Wednesday, June 13, 2012

Design Shown for Museum of American Revolution

From the New York Times: Design Shown for Museum of American Revolution

NC3D
A rendering of the Museum of the American Revolution in Philadelphia as envisioned by Robert A. M. Stern.
George Washington’s tent. His camp cups. The gun used by the minuteman commander who faced the British on the North Bridge in Concord. These are a few of the artifacts that will be on display when the American Revolution Center, a nonprofit educational organization, builds and moves into its new home, the Museum of the American Revolution, steps from Independence Hall and the Liberty Bell in Philadelphia.
 
The design for the $150 million building, by Robert A. M. Stern, is to be unveiled on Tuesday at the site where it is expected to open in 2015, at South Third and Chestnut Streets. The center also announced a $40 million challenge grant from its chairman, H. F. Lenfest, a media entrepreneur and philanthropist in suburban Philadelphia.

“It’s a real milepost for us,” said Michael C. Quinn, the president and chief executive of the center, which was founded in 2000 to expand public knowledge of the American Revolution.

The museum has had something of a bumpy road. Mr. Stern was first selected to design a building for it in 2002, when it was to be in Valley Forge, Pa., where Washington’s soldiers endured the winter of 1777-78. Carved into a hillside in the Valley Forge National Historical Park, the building would have had views of the historic encampment, 22 miles northwest of Philadelphia.

 But a dispute with the National Park Service over the terms by which the museum could occupy park land led to a change of plans, and the center bought a 78-acre parcel of privately owned land that was nearly surrounded by the historical park, intending to build Mr. Stern’s design there. Then critics, including the National Parks Conservation Association, an independent advocacy group, argued that any development would diminish the site’s history. In September 2010, after more than a year of negotiations, the center reached an agreement with the Park Service to move the museum to its current location, the site of a former visitors’ center in Independence National Historical Park in Philadelphia. In exchange the center turned over its 78 acres at Valley Forge to the Park Service. 

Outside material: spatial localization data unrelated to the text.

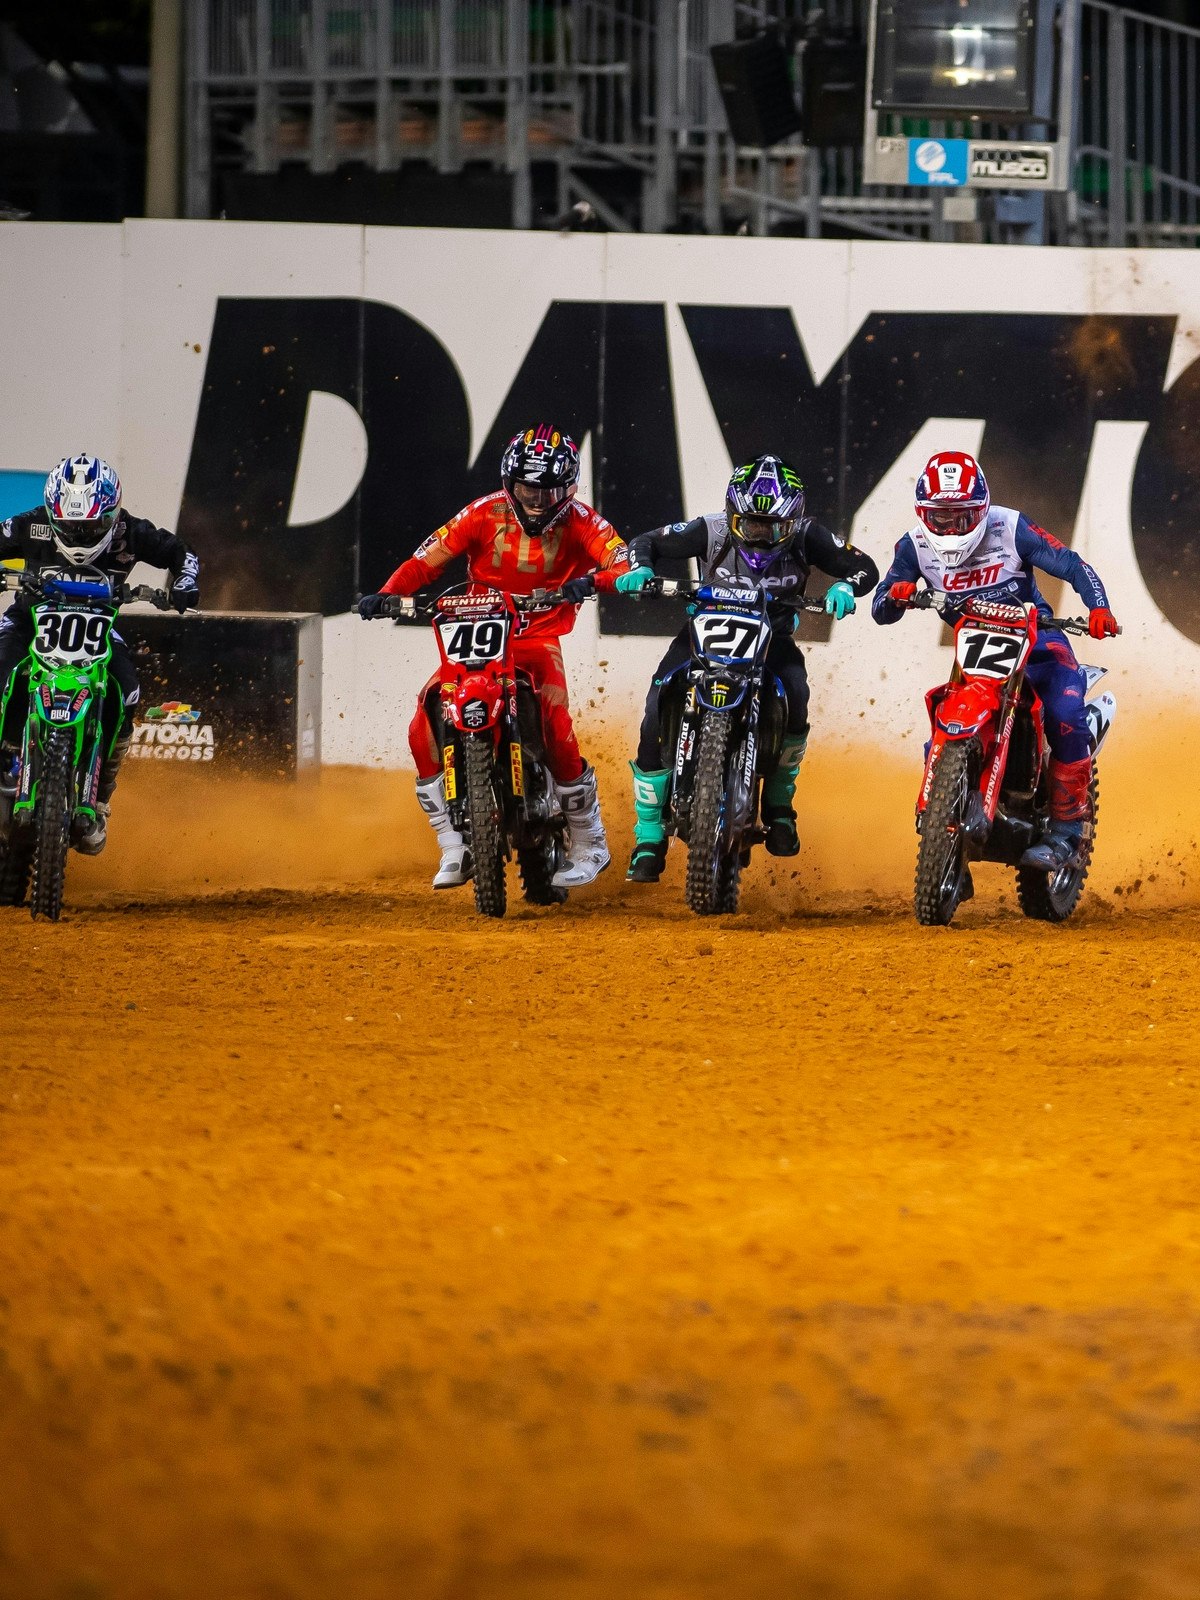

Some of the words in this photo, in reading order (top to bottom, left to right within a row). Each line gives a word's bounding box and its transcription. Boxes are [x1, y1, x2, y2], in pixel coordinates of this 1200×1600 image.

[931, 491, 967, 499] LEATT
[491, 522, 565, 573] FLY
[942, 562, 1005, 591] LEATT
[442, 596, 503, 606] RENTHAL
[35, 613, 112, 656] 309
[447, 621, 504, 660] 49
[703, 618, 760, 658] 27
[963, 632, 1023, 676] 12
[131, 722, 215, 746] YTONA
[444, 747, 456, 798] PIRELLI
[511, 744, 523, 796] PIRELLI
[743, 731, 757, 788] DUNLOP
[984, 755, 1000, 805] DUNLOP
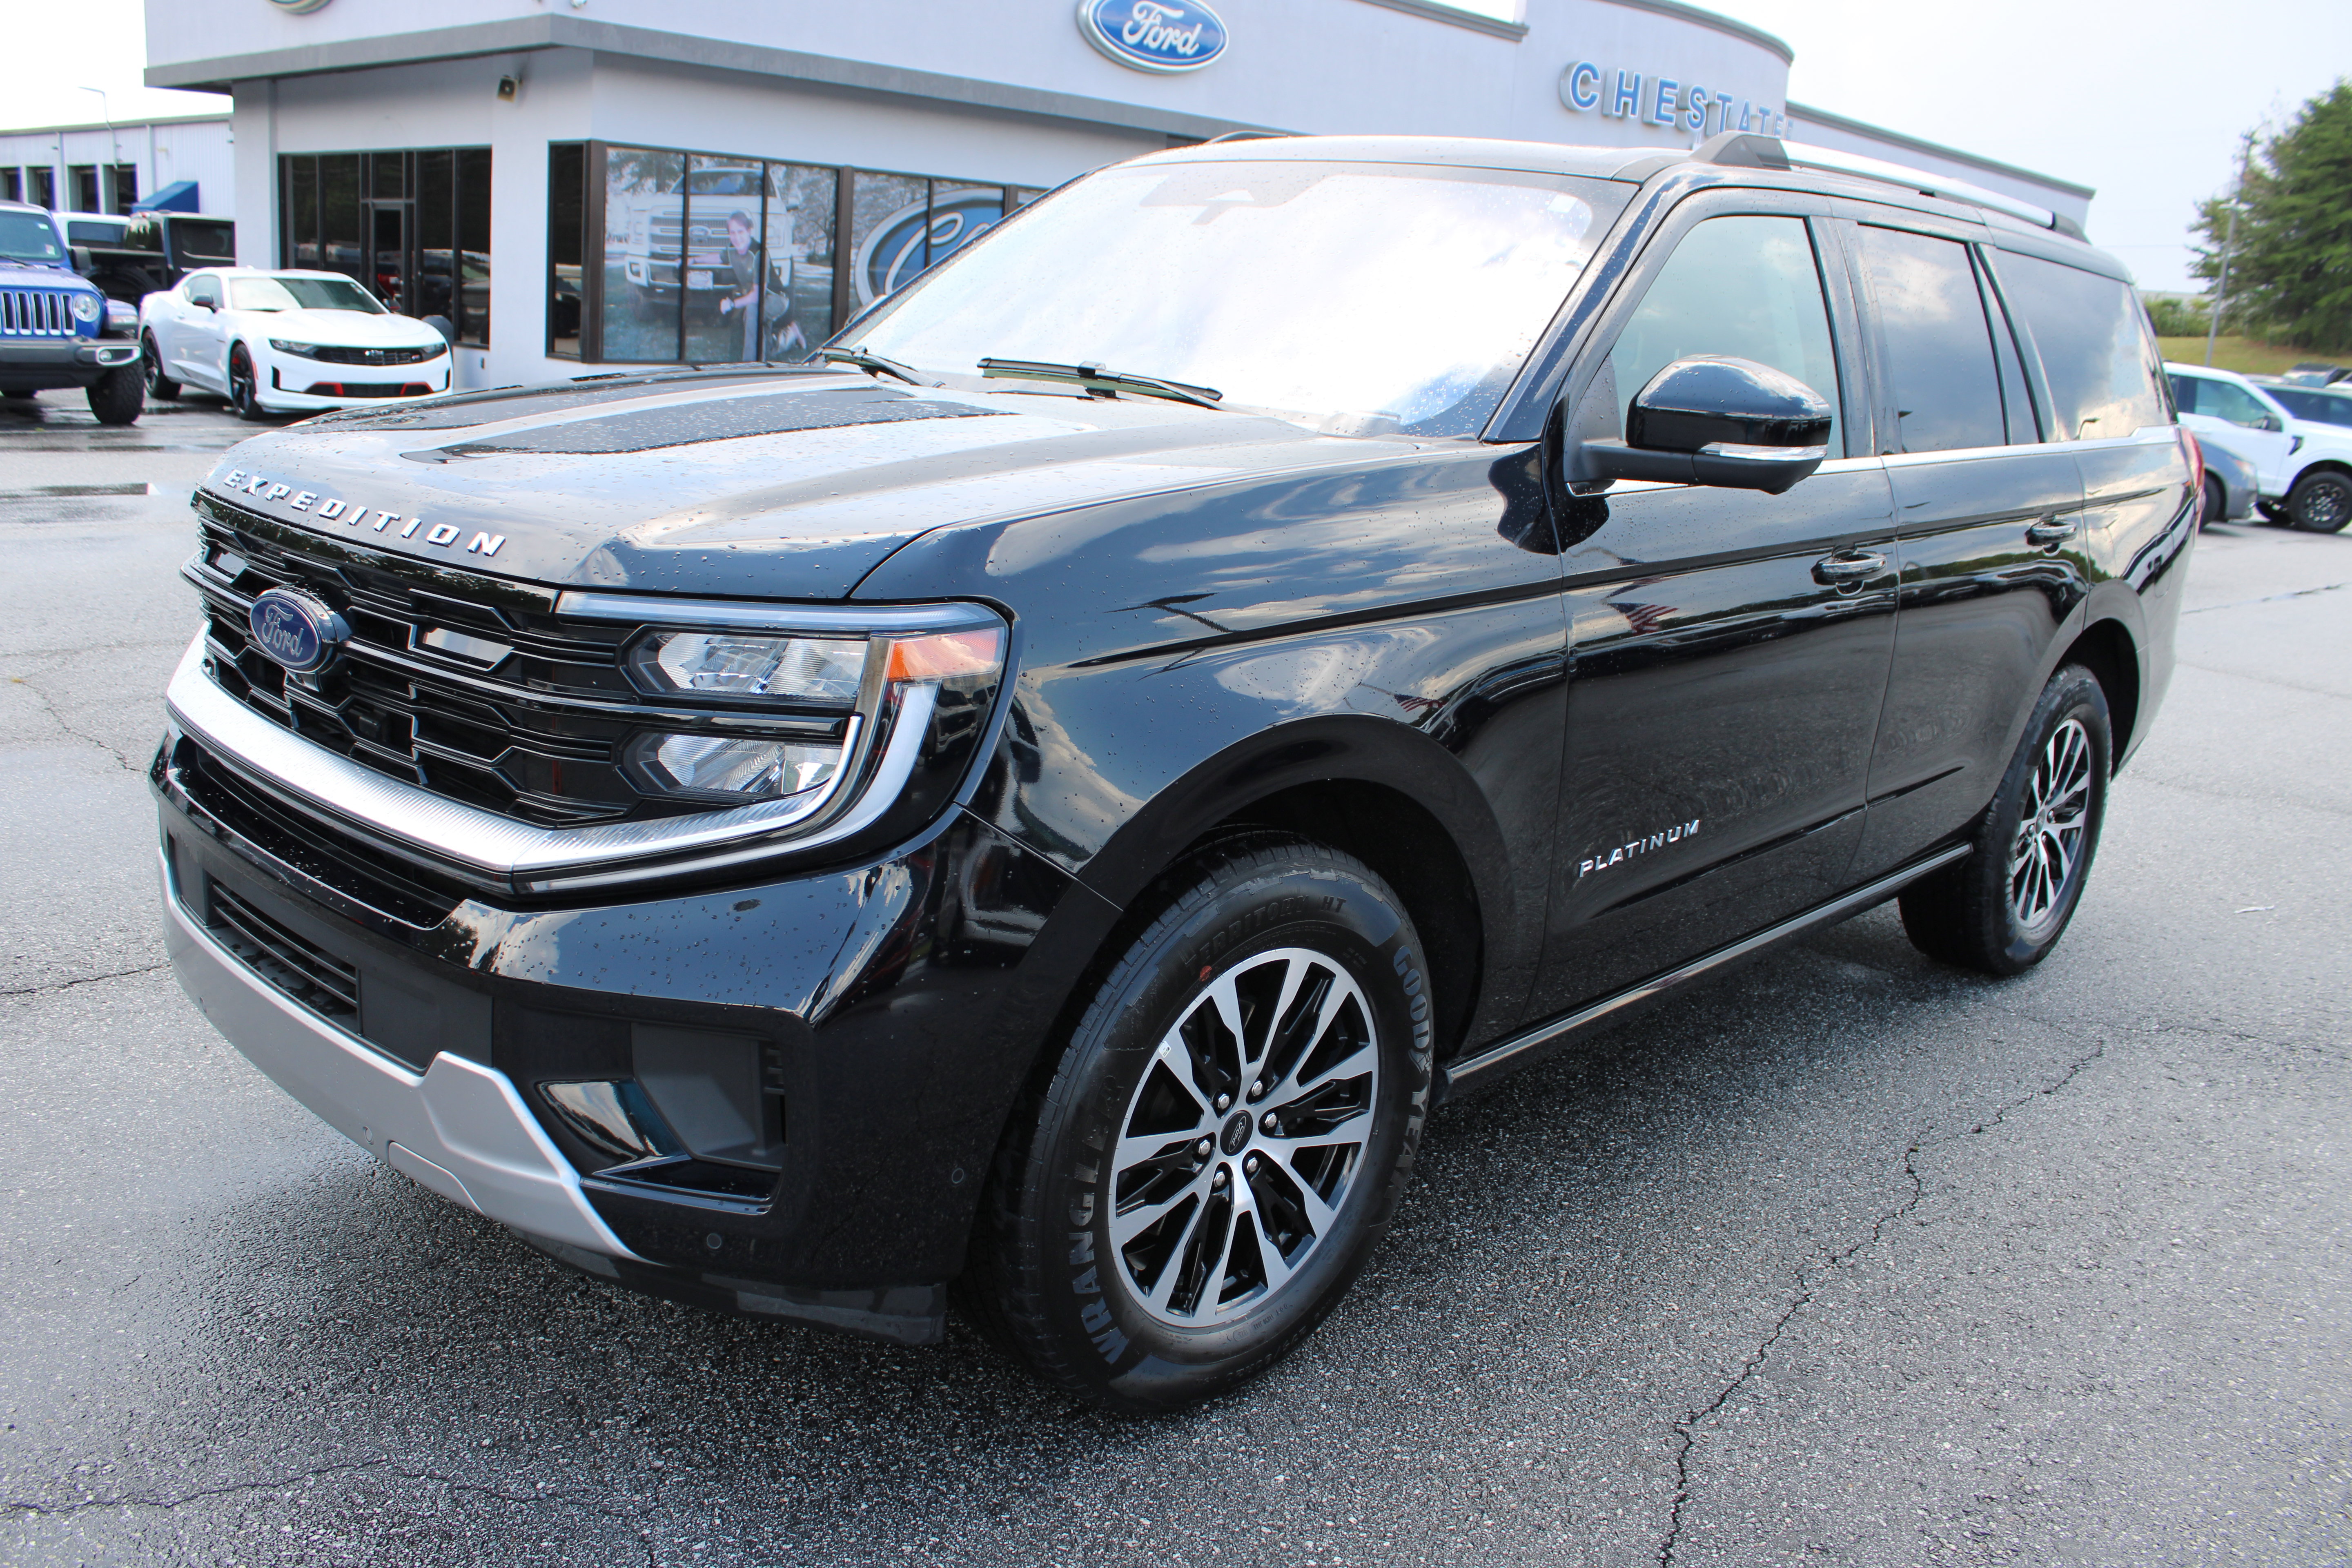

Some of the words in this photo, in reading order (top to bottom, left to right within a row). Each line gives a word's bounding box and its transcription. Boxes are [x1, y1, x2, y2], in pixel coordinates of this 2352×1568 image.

[1123, 0, 1202, 56] Ford
[223, 469, 507, 557] EXPEDITION
[262, 604, 304, 658] Ford
[1579, 820, 1700, 878] PLATINUM
[1183, 896, 1309, 976] TERRITORY
[1321, 895, 1347, 913] HT
[1385, 945, 1432, 1204] GOODYEAR
[1069, 1076, 1129, 1365] WRANGLER

Now Mr. Stern has produced a new design intended to fit into Philadelphia’s historic district. The museum will face the First Bank of the United States, completed in 1795, and sit near William Strickland’s Merchants’ Exchange Building from 1834 and the United States Custom House from a century later. Anchoring the eastern end of Independence National Historical Park, the brick building will announce itself with a tower that will be topped by a cylindrical cupola with a bell-shaped roof. A wall running along South Third Street will have brick cornerstones and recessed arches accented with stone. 

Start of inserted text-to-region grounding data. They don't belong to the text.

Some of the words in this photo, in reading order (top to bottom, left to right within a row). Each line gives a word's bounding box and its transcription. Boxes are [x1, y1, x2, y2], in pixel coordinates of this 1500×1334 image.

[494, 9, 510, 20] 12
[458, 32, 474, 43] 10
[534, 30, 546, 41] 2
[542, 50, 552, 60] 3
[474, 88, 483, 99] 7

“What we’re going for is a building that fits in and reflects the general character of the historic district, that expresses the period of the American Revolution but in a fresh new way for the 21st century,” Mr. Stern said. “We want to make a building that is inviting to the public, but dignified, in which the architecture supports the intellectual and cultural mission of the institution.” 

The design is organized around a skylighted central interior court featuring an elliptical staircase that will lead up to 18,000 square feet of galleries and a multimedia theater and exhibition space dedicated to George Washington’s tent. A museum shop and a cafe will open onto the sidewalk front on South Third Street; a large ground-floor window on Chestnut Street will offer views into the museum’s cross-vaulted ticketing lobby. 

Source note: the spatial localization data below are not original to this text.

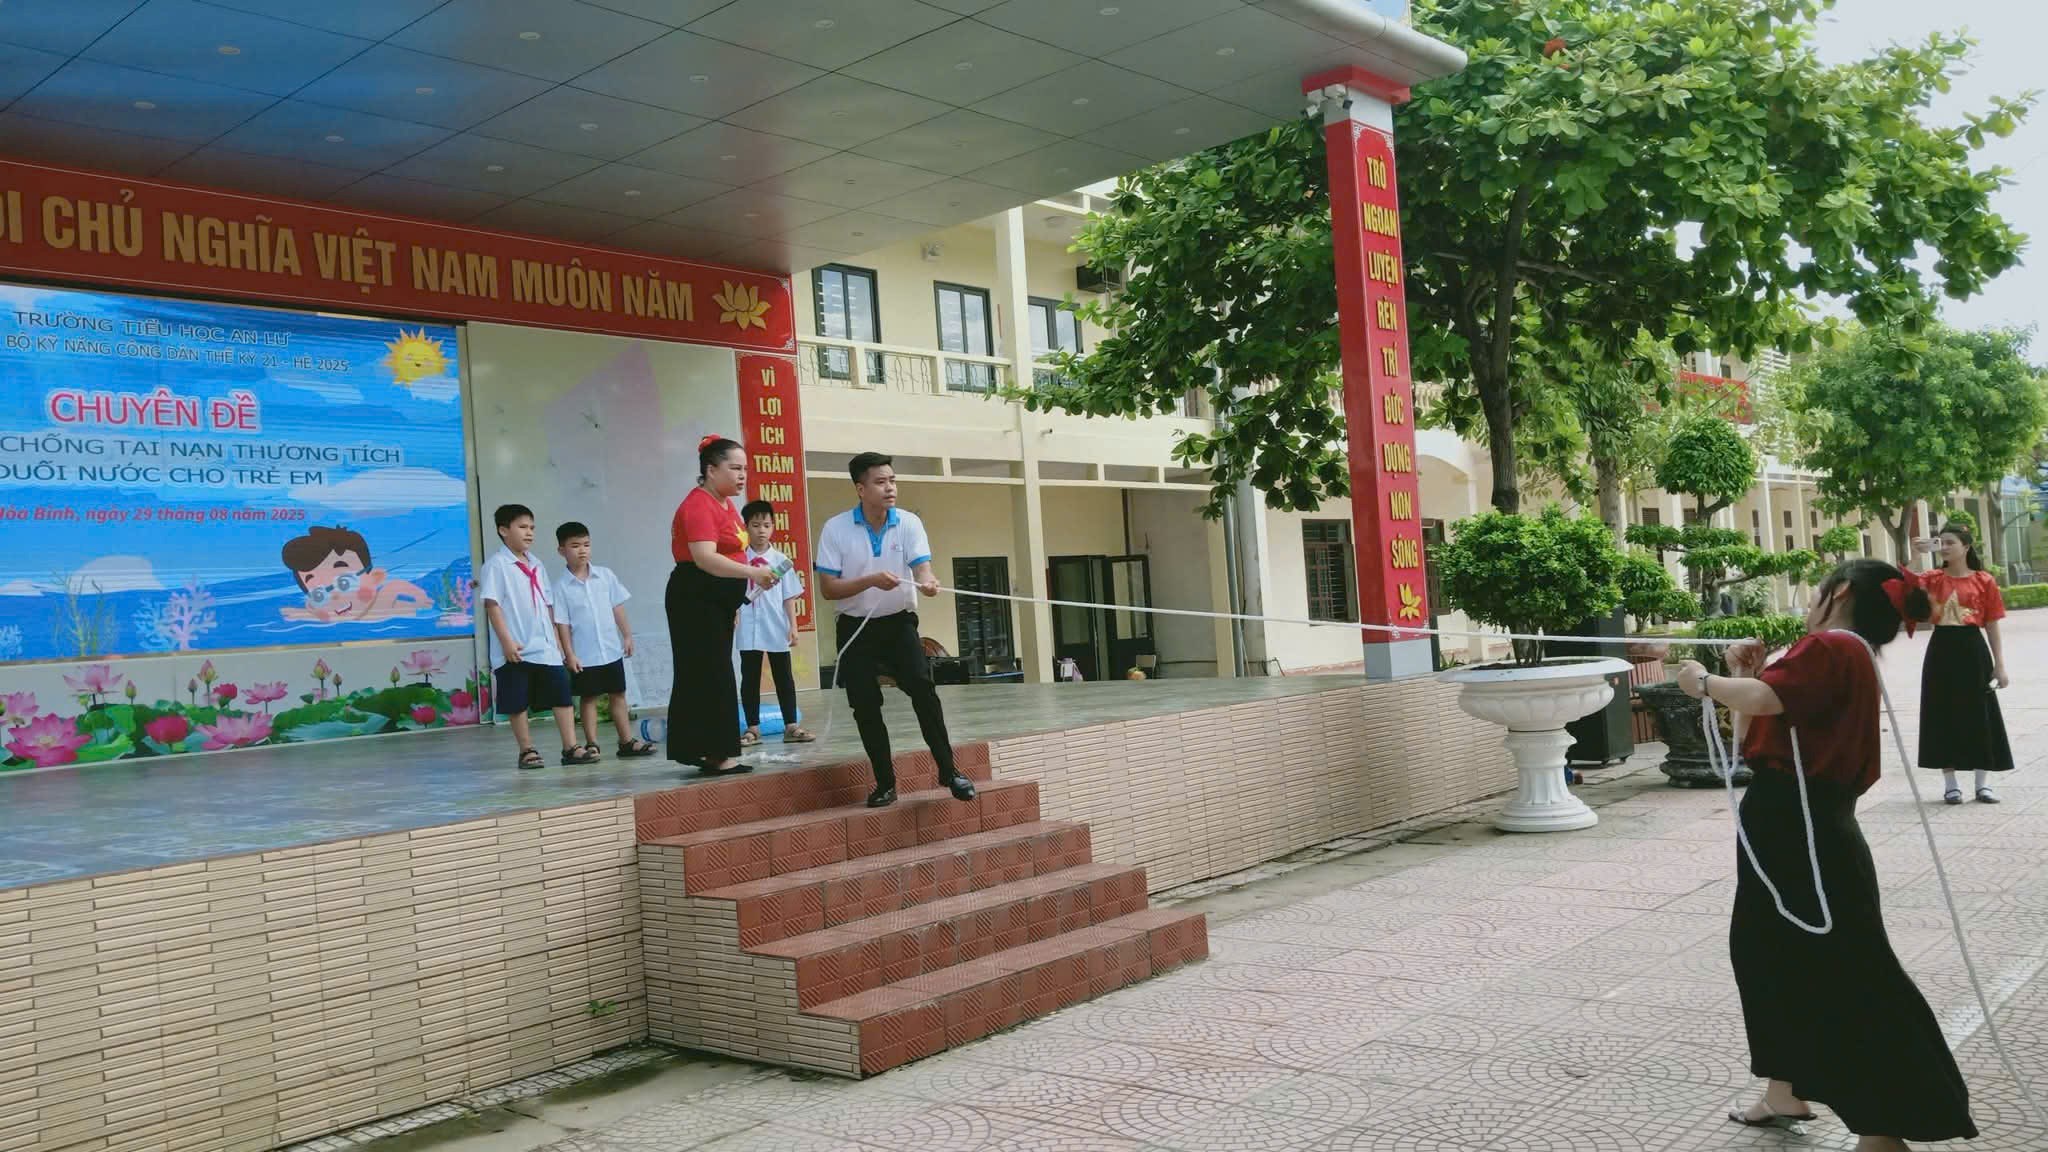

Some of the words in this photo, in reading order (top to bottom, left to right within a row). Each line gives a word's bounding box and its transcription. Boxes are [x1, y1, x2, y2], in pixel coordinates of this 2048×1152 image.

[1366, 154, 1388, 190] TRÒ
[1363, 202, 1398, 238] NGOAN
[0, 190, 23, 244] I
[42, 188, 144, 258] CHỦ
[162, 211, 302, 276] NGHĨA
[312, 228, 397, 295] VIỆT
[411, 245, 498, 299] NAM
[511, 258, 613, 313] MUÔN
[622, 269, 694, 322] NĂM
[1368, 250, 1399, 289] LUYỆN
[13, 310, 113, 332] TRƯỜNG
[178, 324, 225, 343] HỌC
[231, 329, 257, 344] AN
[264, 331, 292, 346] LƯ
[1376, 296, 1398, 331] RÈN
[6, 331, 31, 350] BỘ
[37, 334, 58, 350] KỸ
[116, 338, 162, 359] CÔNG
[262, 354, 278, 367] 21
[317, 358, 349, 372] 2025
[1381, 342, 1399, 377] TRÍ
[761, 366, 776, 388] VÌ
[51, 389, 198, 427] CHUYÊN
[211, 393, 257, 430] ĐỀ
[759, 397, 782, 420] LỢI
[0, 433, 105, 455] CHỐNG
[113, 440, 160, 457] TAI
[170, 441, 222, 461] NẠN
[232, 444, 338, 462] THƯƠNG
[345, 444, 400, 463] TÍCH
[760, 425, 785, 445] ÍCH
[78, 462, 161, 482] NƯỚC
[169, 467, 225, 484] CHO
[232, 467, 281, 485] TRẺ
[290, 471, 323, 485] EM
[753, 451, 795, 474] TRĂM
[1382, 441, 1412, 480] DỰNG
[759, 481, 793, 502] NĂM
[1389, 491, 1412, 520] NON
[134, 508, 154, 521] 29
[157, 506, 205, 523] tháng
[209, 508, 228, 521] 08
[271, 508, 305, 521] 2025
[775, 510, 790, 531] HÌ
[1391, 533, 1419, 569] SÔNG

“I think he’s come up with a landmark for Philadelphia,” Mr. Quinn said of Mr. Stern. “His work demonstrates a real understanding of historic architecture.” The American Revolution Center is the successor to the Valley Forge Historical Society, which started collecting objects from the Revolution more than a century ago. 

While many existing institutions recount aspects of the Revolution, the center argues that it will be one of the first to recount the full history. 

“It’s the last big subject in our history without a museum or a center,” said the historian David McCullough, who helped found the museum’s board of scholars. “The birth of the country is not sufficiently understood by far too many of us.” 

Thomas Fleming, a novelist and historian of the American Revolution who has served on the scholars board, echoed Mr. McCullough. “So often people have little fragments of the story in their heads — the Battle of Bunker Hill, or something that happened in their vicinity,” he said, but don’t “get a look at the complete story.” 

Mr. Quinn said the themes of the Revolution remain relevant. “That generation was our country’s original greatest generation,” he said. “They had the courage to take on Britain, and they were motivated largely by the ideal of charting their own path of self-governance — of individual liberty.”